§ RECORDS PROVIDED
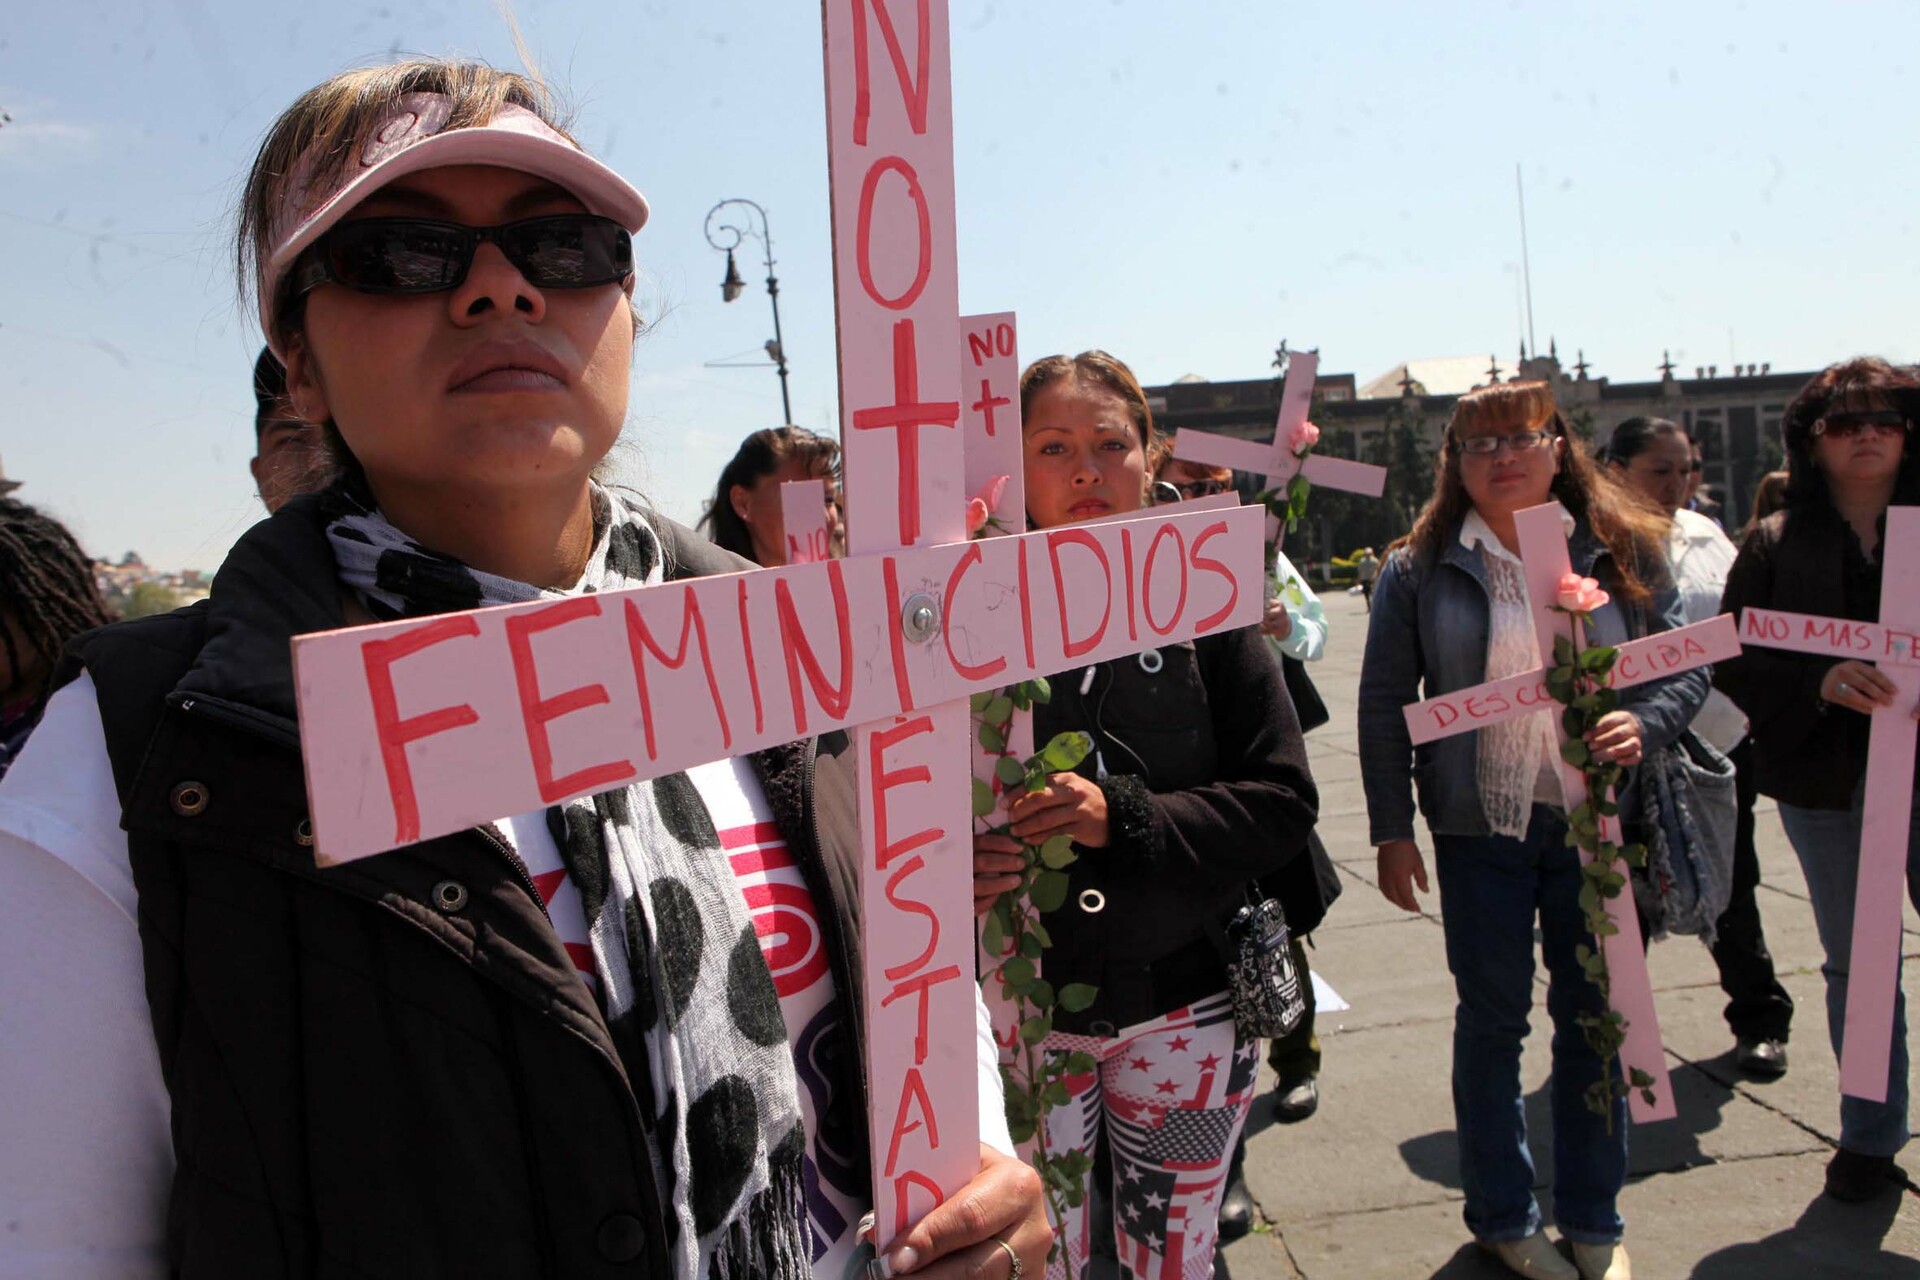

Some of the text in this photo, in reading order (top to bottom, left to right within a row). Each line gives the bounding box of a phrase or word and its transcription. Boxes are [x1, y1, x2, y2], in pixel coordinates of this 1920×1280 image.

[850, 0, 932, 310] NO
[968, 323, 1014, 366] NO
[1748, 610, 1789, 641] NO
[1803, 619, 1871, 651] MAS
[361, 520, 1239, 844] FEMINICIDIOS
[1428, 637, 1705, 729] DESCOCIDA
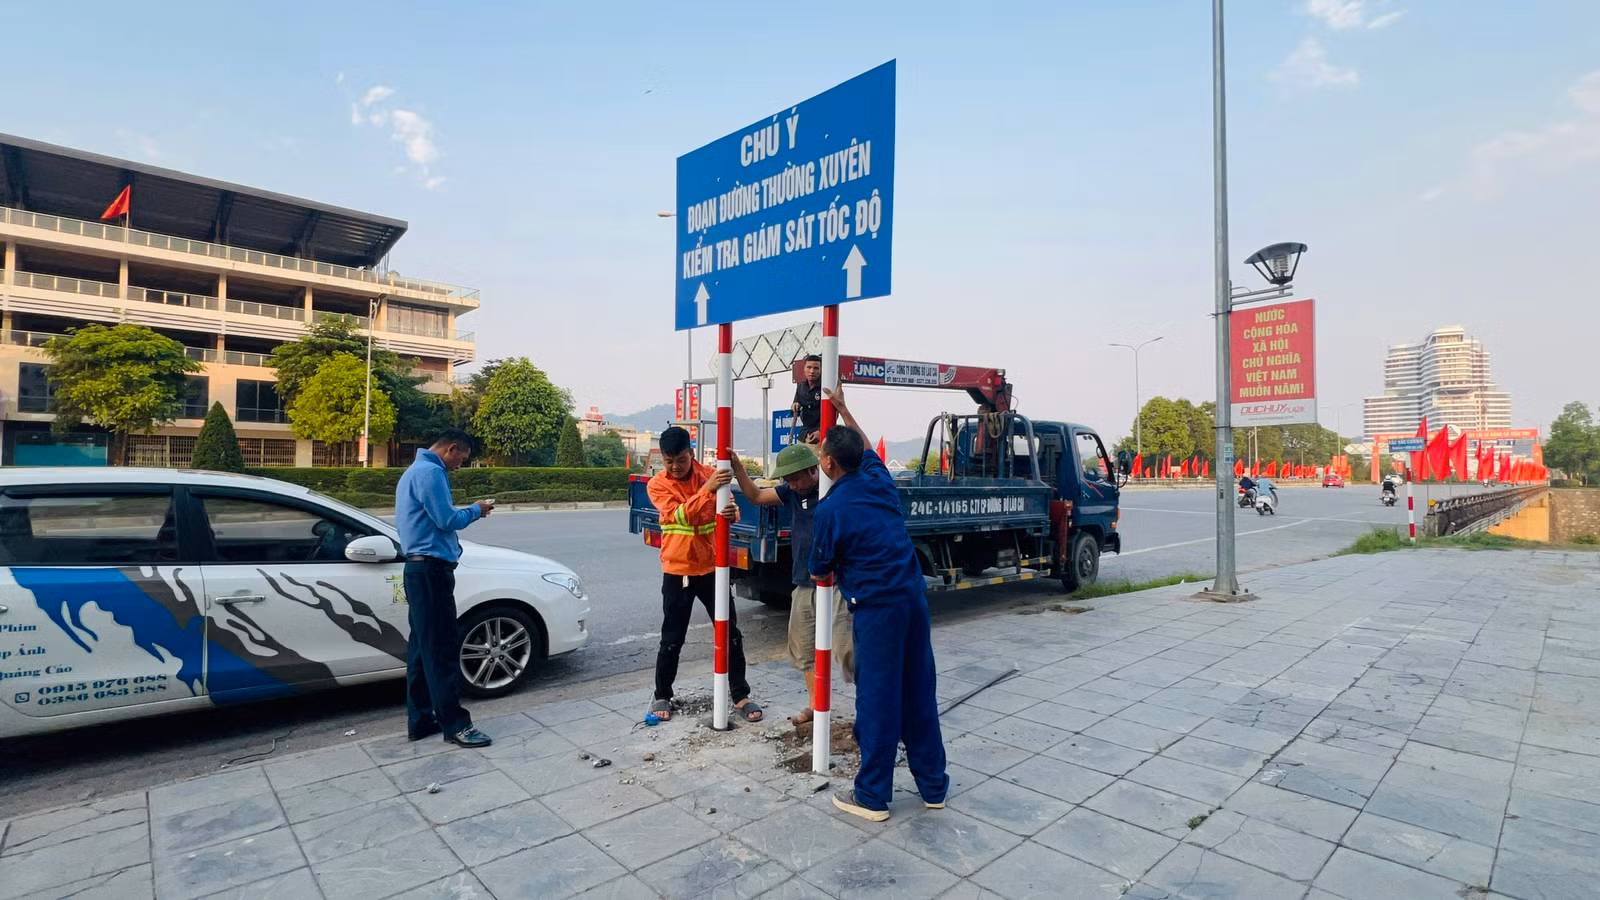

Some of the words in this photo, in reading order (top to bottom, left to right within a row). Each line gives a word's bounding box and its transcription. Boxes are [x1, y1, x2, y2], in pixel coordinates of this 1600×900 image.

[741, 113, 780, 168] CHÚ
[785, 105, 800, 150] Ý
[687, 197, 717, 235] ĐOẠN
[719, 180, 760, 223] ĐƯỜNG
[761, 161, 815, 209] THƯỜNG
[818, 137, 872, 191] XUYÊN
[683, 235, 714, 280] KIỂM
[715, 237, 740, 271] TRA
[743, 221, 783, 265] GIÁM
[784, 210, 815, 253] SÁT
[817, 195, 850, 245] TỐC
[855, 188, 882, 239] ĐỘ
[1255, 308, 1286, 323] NƯỚC
[1243, 326, 1273, 341] CỘNG
[1275, 321, 1299, 335] HÒA
[1252, 340, 1267, 353] XÃ
[1270, 337, 1289, 352] HỘI
[1242, 353, 1264, 369] CHỦ
[1266, 351, 1301, 366] NGHĨA
[854, 361, 885, 378] UNIC
[1246, 369, 1268, 384] VIỆT
[1271, 368, 1297, 380] NAM
[1239, 384, 1271, 398] MUÔN
[1274, 382, 1304, 395] NĂM!
[44, 663, 73, 674] Cáo
[38, 683, 88, 695] 0915
[133, 673, 167, 684] 688
[37, 693, 89, 705] 0386
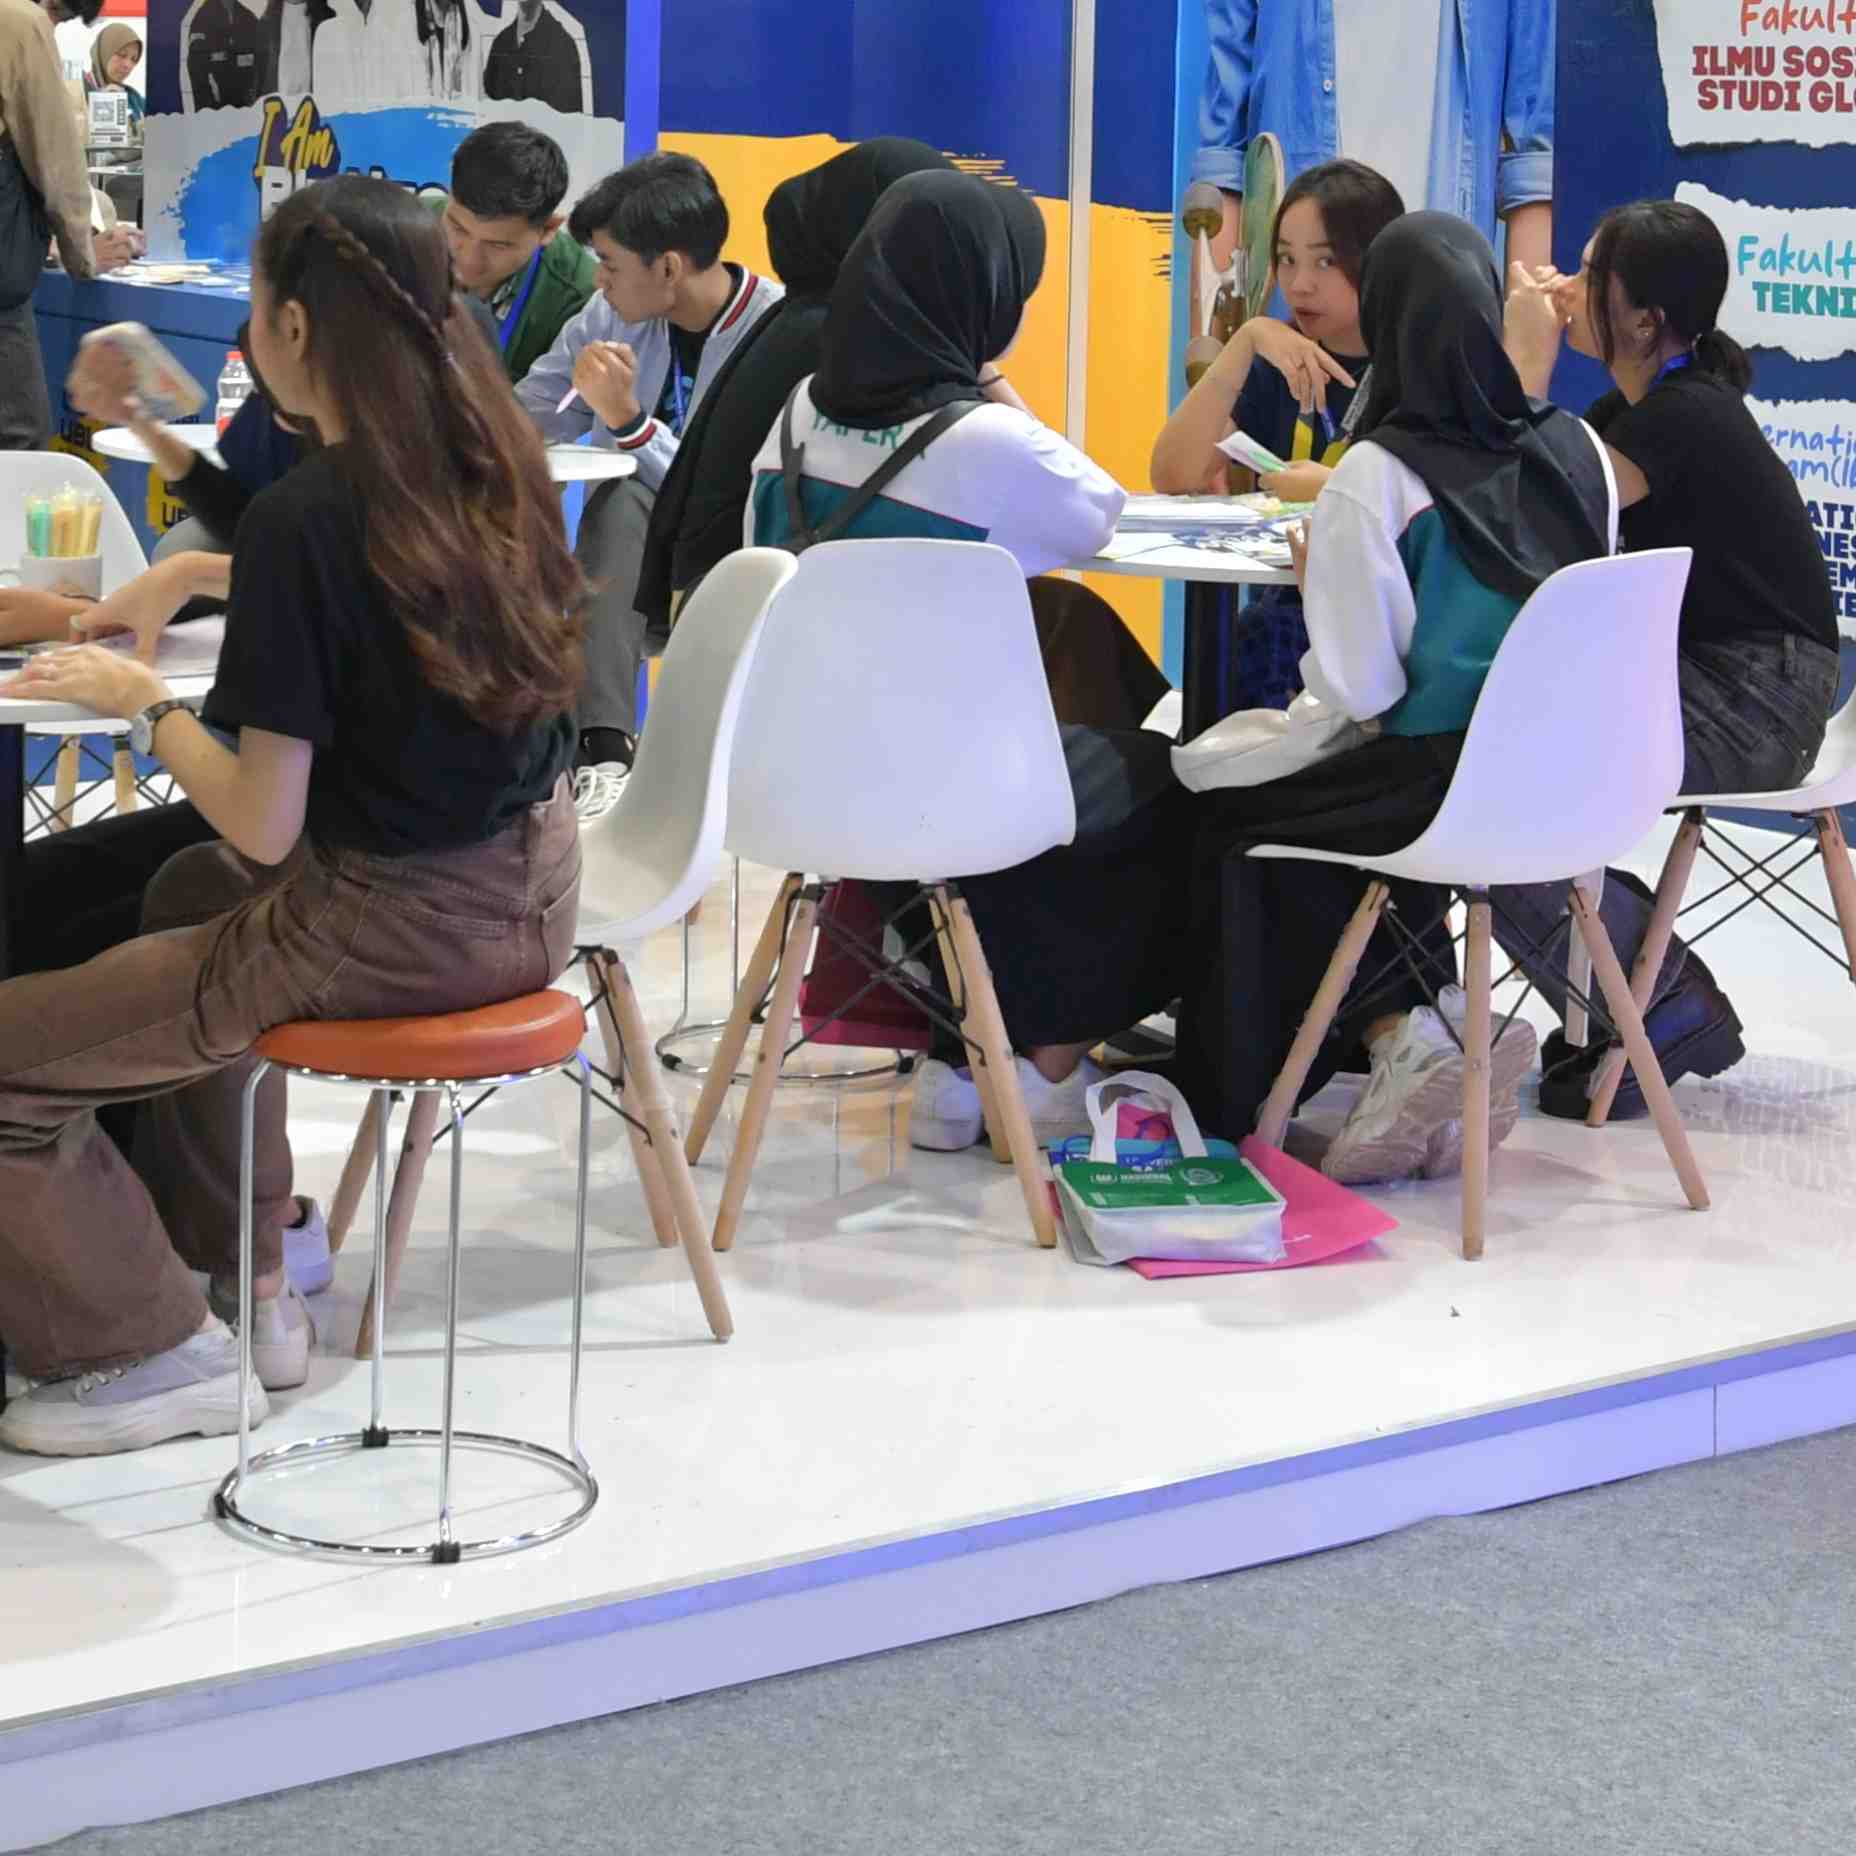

§ HOW TO COMPLETE THIS TASK
Please transcribe the lines from the one containing "Some of the words" to the last line of the listing, both included, exactly and with nothing added, leaving every picture out.

§ SOLUTION TO THIS EXERCISE
Some of the words in this photo, in reading order (top to bottom, left to right within a row). Each line gives a word's bounding box and its transcription. Boxes are [x1, y1, x2, y2], in pixel coordinates of this 1600×900 image.

[741, 113, 780, 168] CHÚ
[785, 105, 800, 150] Ý
[687, 197, 717, 235] ĐOẠN
[719, 180, 760, 223] ĐƯỜNG
[761, 161, 815, 209] THƯỜNG
[818, 137, 872, 191] XUYÊN
[683, 235, 714, 280] KIỂM
[715, 237, 740, 271] TRA
[743, 221, 783, 265] GIÁM
[784, 210, 815, 253] SÁT
[817, 195, 850, 245] TỐC
[855, 188, 882, 239] ĐỘ
[1255, 308, 1286, 323] NƯỚC
[1243, 326, 1273, 341] CỘNG
[1275, 321, 1299, 335] HÒA
[1252, 340, 1267, 353] XÃ
[1270, 337, 1289, 352] HỘI
[1242, 353, 1264, 369] CHỦ
[1266, 351, 1301, 366] NGHĨA
[854, 361, 885, 378] UNIC
[1246, 369, 1268, 384] VIỆT
[1271, 368, 1297, 380] NAM
[1239, 384, 1271, 398] MUÔN
[1274, 382, 1304, 395] NĂM!
[44, 663, 73, 674] Cáo
[38, 683, 88, 695] 0915
[133, 673, 167, 684] 688
[37, 693, 89, 705] 0386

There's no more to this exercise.